* Input records
━━━━━━━━━━━━━━━━

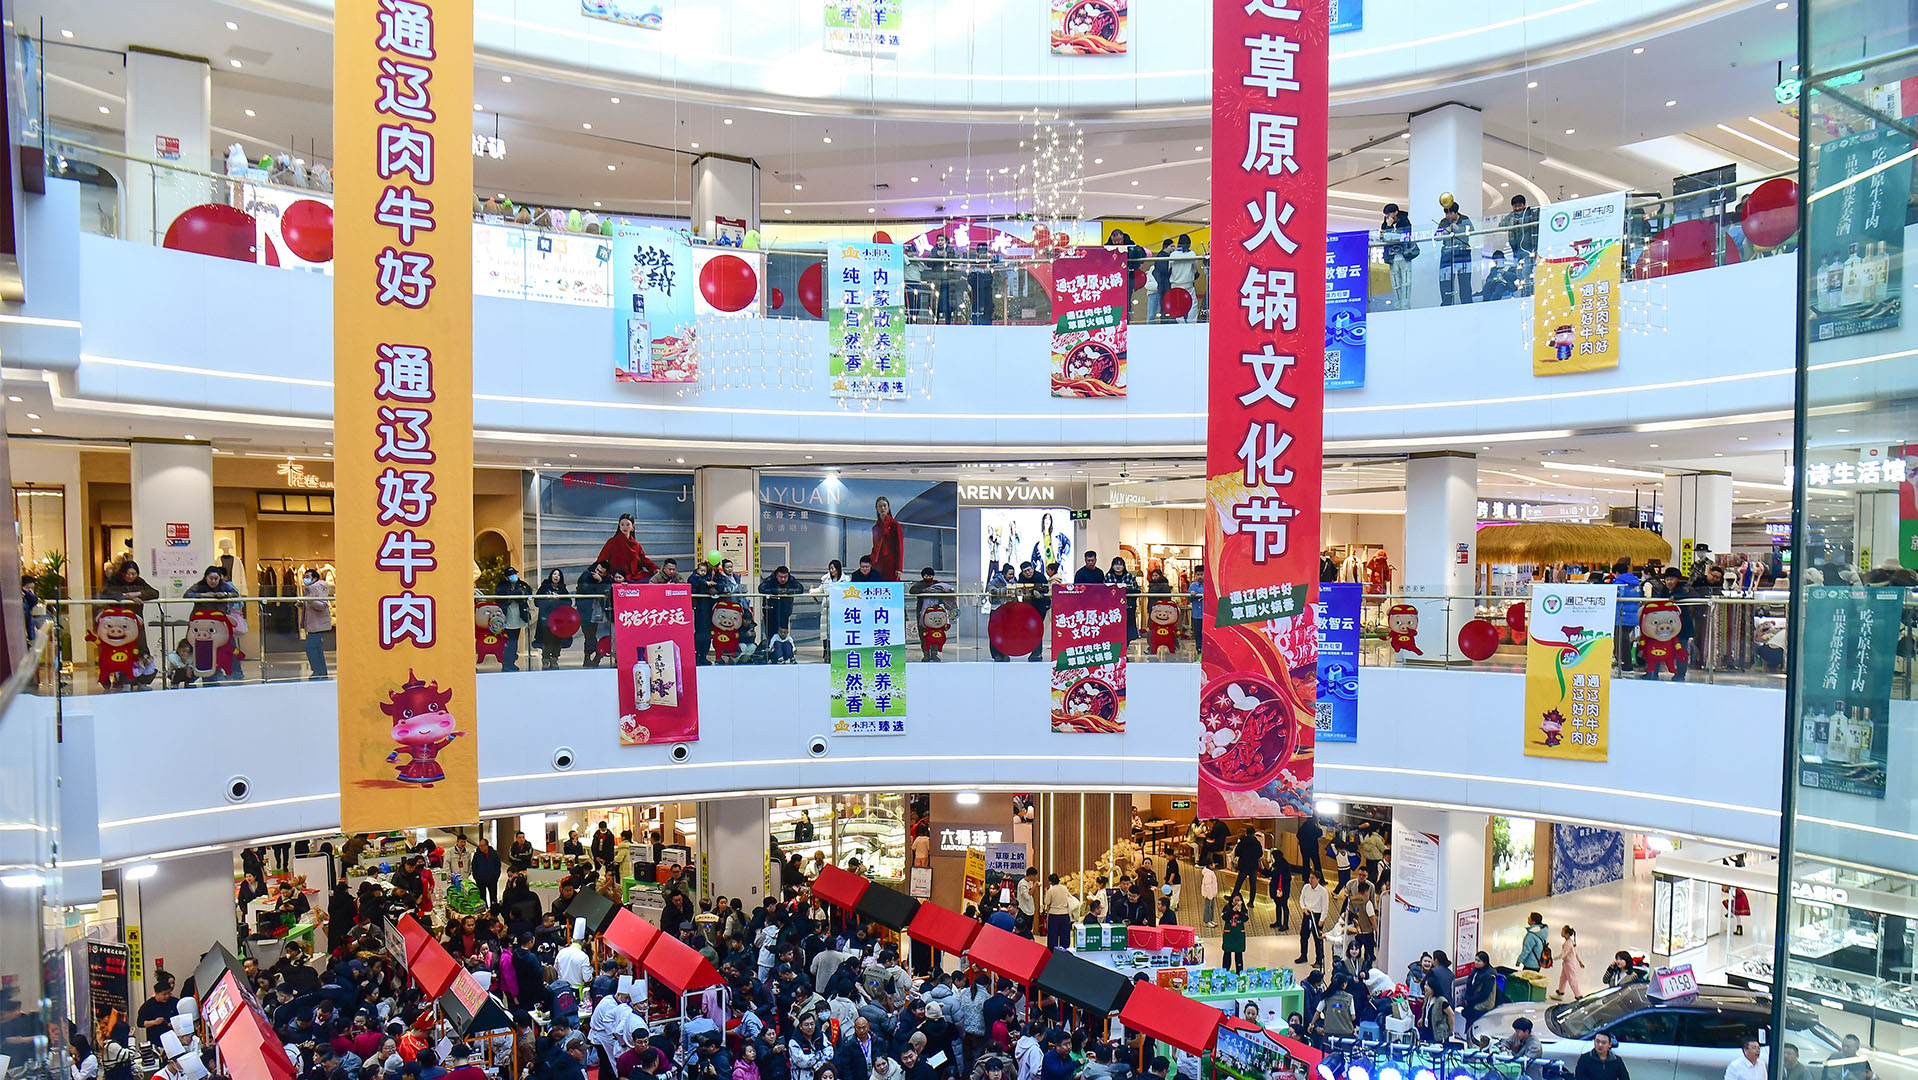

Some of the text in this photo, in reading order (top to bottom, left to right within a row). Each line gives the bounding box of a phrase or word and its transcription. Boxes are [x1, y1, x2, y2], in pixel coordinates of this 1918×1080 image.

[376, 0, 436, 308] 通辽肉牛好
[1056, 272, 1123, 293] 通辽草原火锅
[1073, 290, 1101, 304] 文化节
[843, 267, 862, 372] 纯正自然香
[873, 268, 891, 372] 内蒙散养羊
[1066, 305, 1112, 320] 通辽肉牛好
[1068, 316, 1114, 330] 草原火锅香
[1580, 283, 1595, 355] 通辽好牛肉
[1595, 281, 1610, 353] 通辽肉牛好
[375, 343, 436, 649] 通辽好牛肉
[1007, 485, 1054, 500] YUAN
[763, 511, 809, 520] 在骨子里
[1585, 504, 1600, 517] L2
[1229, 583, 1293, 605] 通辽肉牛好
[1564, 596, 1606, 606] 通辽牛肉
[1055, 608, 1122, 628] 通辽草原火锅
[1231, 598, 1295, 620] 草原火锅香
[1072, 626, 1100, 639] 文化节
[1066, 641, 1111, 656] 通辽肉牛好
[1067, 652, 1113, 666] 草原火锅香
[1851, 609, 1874, 693] 吃草原牛羊肉
[844, 607, 863, 713] 纯正自然香
[874, 607, 892, 712] 内蒙散养羊
[1571, 674, 1585, 745] 通辽好牛肉
[1586, 674, 1600, 746] 通辽肉牛好
[879, 720, 904, 732] 臻选
[995, 852, 1024, 860] 草原上的
[1792, 881, 1848, 902] CASIO
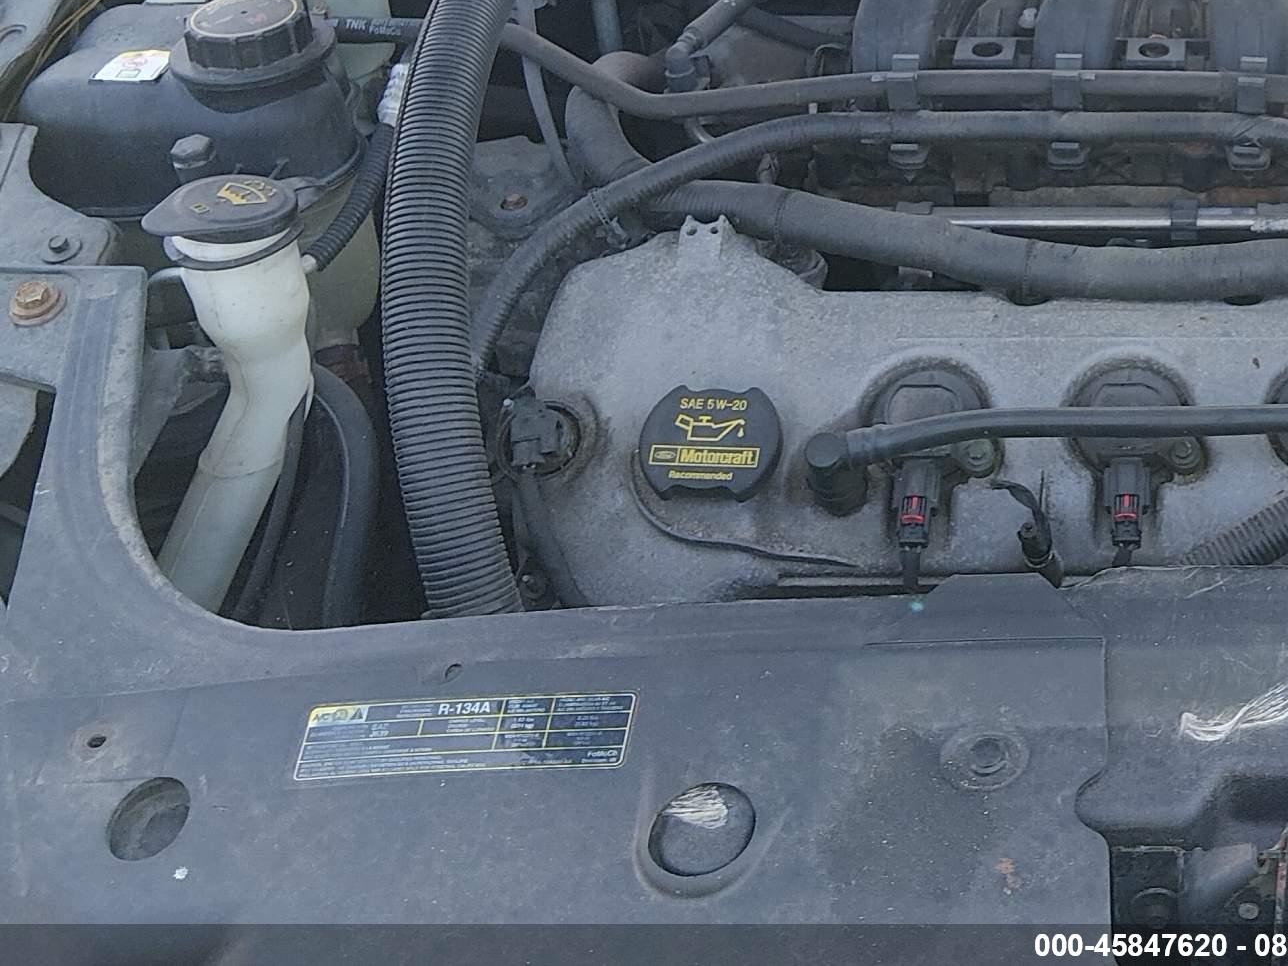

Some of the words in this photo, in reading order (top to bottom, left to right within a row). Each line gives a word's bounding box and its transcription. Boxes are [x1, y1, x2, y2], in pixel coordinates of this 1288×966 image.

[680, 398, 704, 409] SAE
[707, 399, 747, 411] 5W-20
[680, 449, 754, 465] Motorcraft
[669, 471, 733, 481] Recommended
[438, 702, 491, 715] R-134A

━━━━━━━━━━━━━━━━

* Exercise
The records above should be reproduced exactly, with the pictures omitted.

* Task answer
Some of the text in this photo, in reading order (top to bottom, left to right within a row). Each line gives the bounding box of a phrase or word and its transcription. Boxes are [x1, y1, x2, y2], in pixel coordinates of this 1918×1080 image.

[376, 0, 436, 308] 通辽肉牛好
[1056, 272, 1123, 293] 通辽草原火锅
[1073, 290, 1101, 304] 文化节
[843, 267, 862, 372] 纯正自然香
[873, 268, 891, 372] 内蒙散养羊
[1066, 305, 1112, 320] 通辽肉牛好
[1068, 316, 1114, 330] 草原火锅香
[1580, 283, 1595, 355] 通辽好牛肉
[1595, 281, 1610, 353] 通辽肉牛好
[375, 343, 436, 649] 通辽好牛肉
[1007, 485, 1054, 500] YUAN
[763, 511, 809, 520] 在骨子里
[1585, 504, 1600, 517] L2
[1229, 583, 1293, 605] 通辽肉牛好
[1564, 596, 1606, 606] 通辽牛肉
[1055, 608, 1122, 628] 通辽草原火锅
[1231, 598, 1295, 620] 草原火锅香
[1072, 626, 1100, 639] 文化节
[1066, 641, 1111, 656] 通辽肉牛好
[1067, 652, 1113, 666] 草原火锅香
[1851, 609, 1874, 693] 吃草原牛羊肉
[844, 607, 863, 713] 纯正自然香
[874, 607, 892, 712] 内蒙散养羊
[1571, 674, 1585, 745] 通辽好牛肉
[1586, 674, 1600, 746] 通辽肉牛好
[879, 720, 904, 732] 臻选
[995, 852, 1024, 860] 草原上的
[1792, 881, 1848, 902] CASIO

Some of the words in this photo, in reading order (top to bottom, left to right within a row). Each line gives a word's bounding box and its transcription. Boxes are [x1, y1, x2, y2], in pixel coordinates of this 1288×966 image.

[680, 398, 704, 409] SAE
[707, 399, 747, 411] 5W-20
[680, 449, 754, 465] Motorcraft
[669, 471, 733, 481] Recommended
[438, 702, 491, 715] R-134A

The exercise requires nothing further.